If you have ever tried to assemble a clean dataset of Saudi Arabia property data, you already know the pain: the same villa in Riyadh shows up on Bayut.sa, on PropertyFinder.sa, and on Aqar.fm — three different listing IDs, three slightly different prices, three different agents. Naively concatenate them and your "market" is 30–40% duplicates.

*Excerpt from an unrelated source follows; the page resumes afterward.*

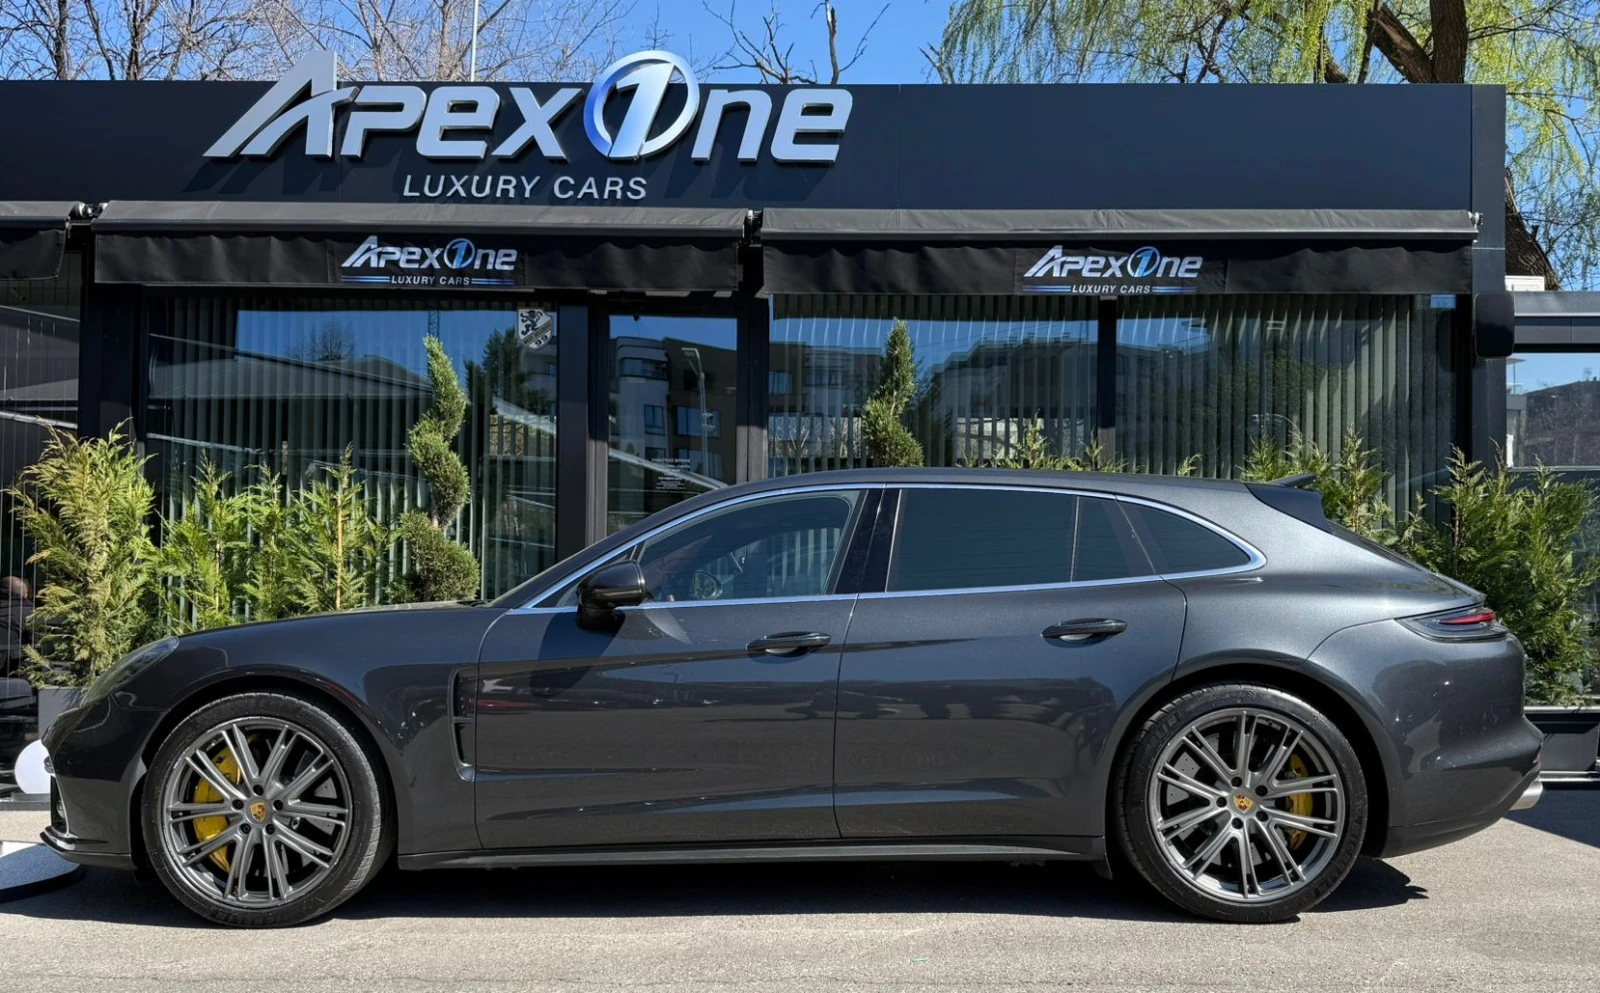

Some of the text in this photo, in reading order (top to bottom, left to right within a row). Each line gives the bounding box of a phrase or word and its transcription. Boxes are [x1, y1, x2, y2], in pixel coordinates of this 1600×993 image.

[403, 175, 647, 199] LUXURY CARS
[392, 276, 470, 285] LUXURY CARS
[1072, 285, 1151, 294] LUXURY CARS

This post walks through how the Saudi portals actually expose their data, and the one field that quietly solves the deduplication problem: the REGA advertisement license number.
I have spent a fair amount of time poking at these portals, so the goal here is to give you the honest, verified mechanics — not a fantasy where everything is a tidy public REST API.
The four portals that matter
For practical coverage of the Kingdom, four sites carry the bulk of supply:
- Bayut.sa — the dubizzle/Bayut group's Saudi portal, English + Arabic.
- Wasalt.sa — owned by the Public Investment Fund (PIF), strong on sale and off-plan inventory.
-
Aqar.fm (
sa.aqar.fm) — one of the highest-traffic portals in the Kingdom, Arabic-only, very deep on local supply. - PropertyFinder.sa — the Saudi arm of Property Finder, English-first, strong agent coverage.
Each one carries the same core fields per listing: price, area (m²), location, bedrooms/bathrooms, property type, listing purpose (sale / rent / off-plan), and the listing agent or brokerage. That overlap is exactly what makes cross-portal joins both necessary and possible.
How the listings are actually delivered
Here is the first thing worth internalizing: these are modern JavaScript front-ends, but you usually do not need a headless browser to read a listing.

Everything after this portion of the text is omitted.